Recent surveys have shown that the R Language for statistical computing is undergoing an explosion in popularity among scientists, researchers, and other data-analyzing types. There are good reasons for this: R is Free, easy to use (as much as any programming language can be, anyway), can create beautiful graphics straight out of the box, and has a huge ecosystem of user-contributed libraries covering almost any statistical analysis you could dream of doing. It is becoming the lingua franca in many fields, especially in biology and ecology. For many students and scientists I know, “learning R” and “learning to program” are used almost interchangeably. There are more than 8,000 add-on packages available on CRAN, and some of the best, like those in the Hadleyverse, are changing the way people use the language for the better. We are currently living in the Golden Age of R.

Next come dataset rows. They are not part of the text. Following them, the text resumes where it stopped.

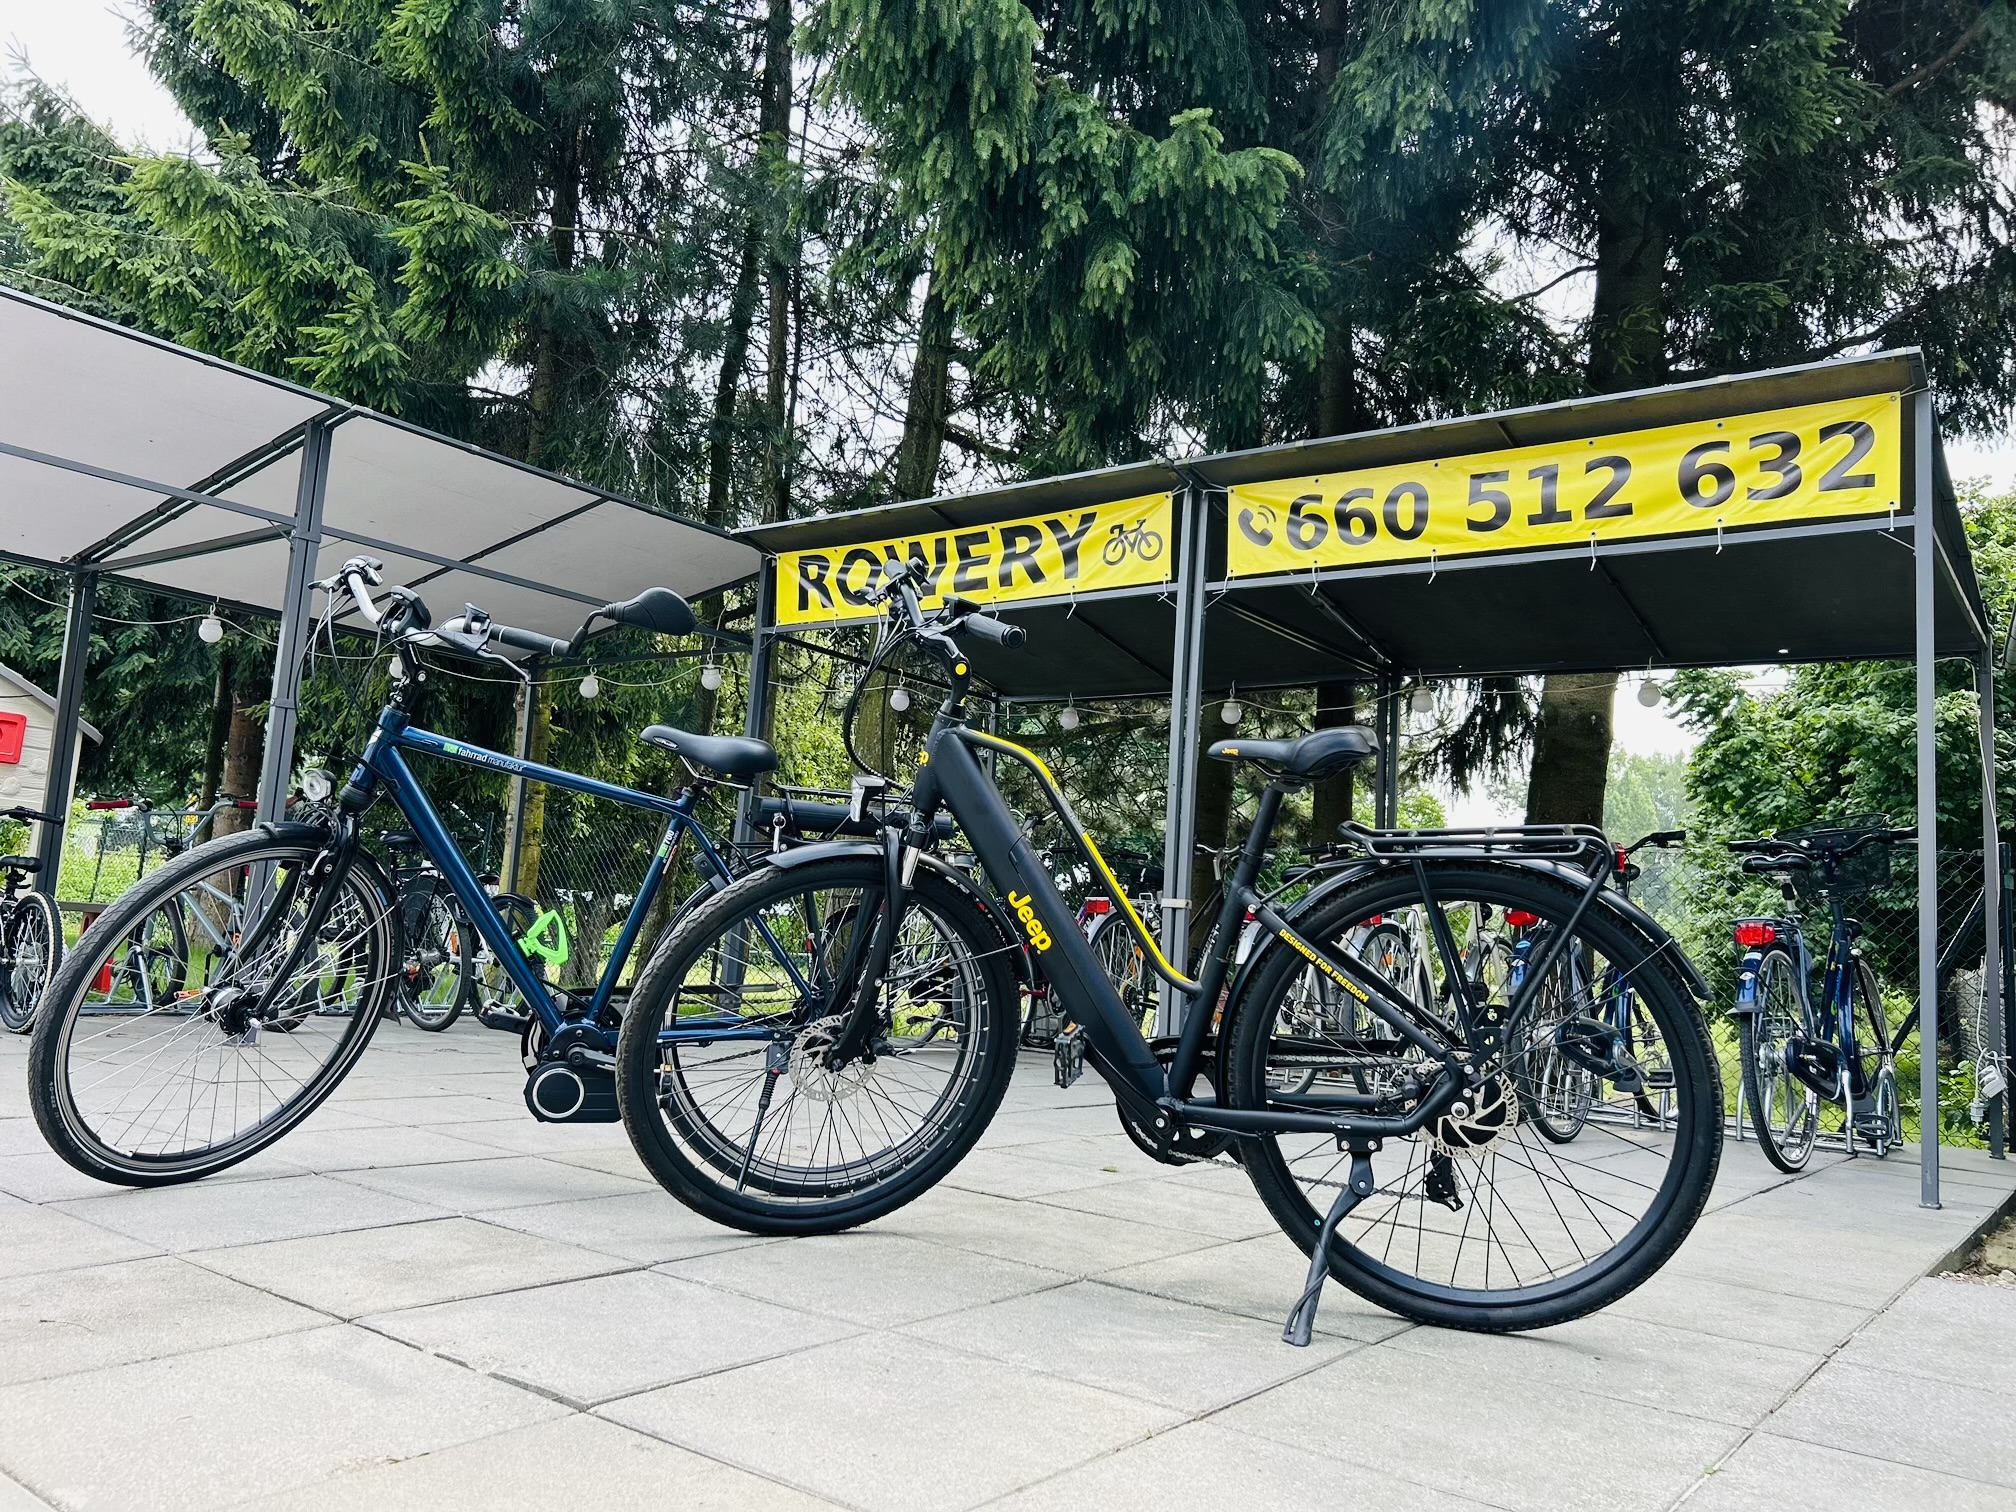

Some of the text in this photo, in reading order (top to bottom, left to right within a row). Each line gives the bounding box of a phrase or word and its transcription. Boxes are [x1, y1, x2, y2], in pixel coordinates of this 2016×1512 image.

[1285, 420, 1876, 551] 660 512 632
[797, 511, 1098, 611] ROWERY
[1221, 747, 1238, 756] Jeep
[1008, 890, 1052, 951] Jeep
[1279, 928, 1370, 1003] DESIGNED FOR FREEDOM
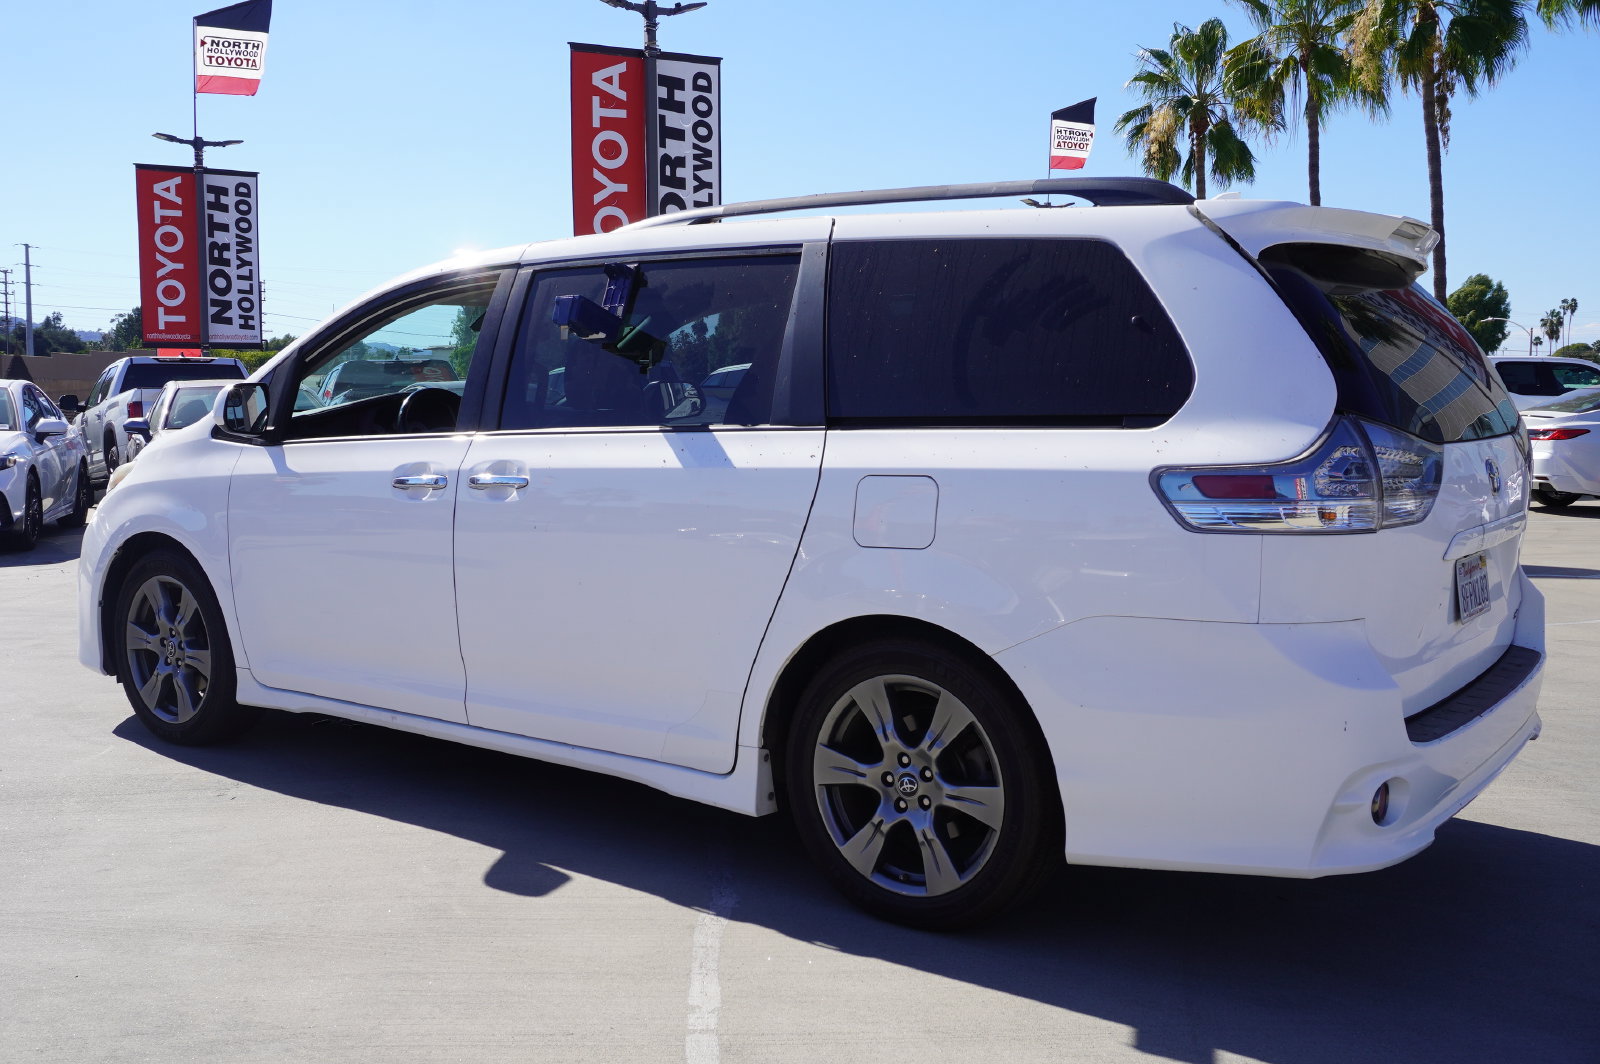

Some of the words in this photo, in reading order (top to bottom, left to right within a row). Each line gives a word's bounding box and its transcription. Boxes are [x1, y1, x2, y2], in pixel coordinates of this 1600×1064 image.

But I don’t think R is the way of the future. The future, I believe, belongs to a very new scientific programming language called Julia.
(If you think the future belongs to Matlab, you are probably beyond hope).
Because despite its strengths, R has a number of drawbacks and, er, eccentricities. Most of these drawbacks can be traced to the fact that R was created 20 years ago as an open-source implementation of a previous language, S, which was created twenty years before that. The package ecosystem on CRAN is huge, but there is a lot of confusion and overlap: it’s not uncommon to find three packages that each do 2/3 of what you need. And if you’re writing your own code for something not available in a package, R can be very slow. If it can’t be vectorized–that is, if you need to write it in a loop–your choices are to leave R and write that bit in C, or hit “Enter” and go get a coffee.
Enter Julia. I first heard of this language when someone posted this ridiculous manifesto by its creators to Reddit a few years ago. The kicker is this outrageous paragraph:
We want a language that’s open source, with a liberal license. We want the speed of C with the dynamism of Ruby. We want a language that’s homoiconic, with true macros like Lisp, but with obvious, familiar mathematical notation like Matlab. We want something as usable for general programming as Python, as easy for statistics as R, as natural for string processing as Perl, as powerful for linear algebra as Matlab, as good at gluing programs together as the shell. Something that is dirt simple to learn, yet keeps the most serious hackers happy. We want it interactive and we want it compiled.
(Did we mention it should be as fast as C?)
They stop short of demanding a pony, but you get the idea. What kind of language could possibly come close to doing all this?
Well, as it turns out, the one they created.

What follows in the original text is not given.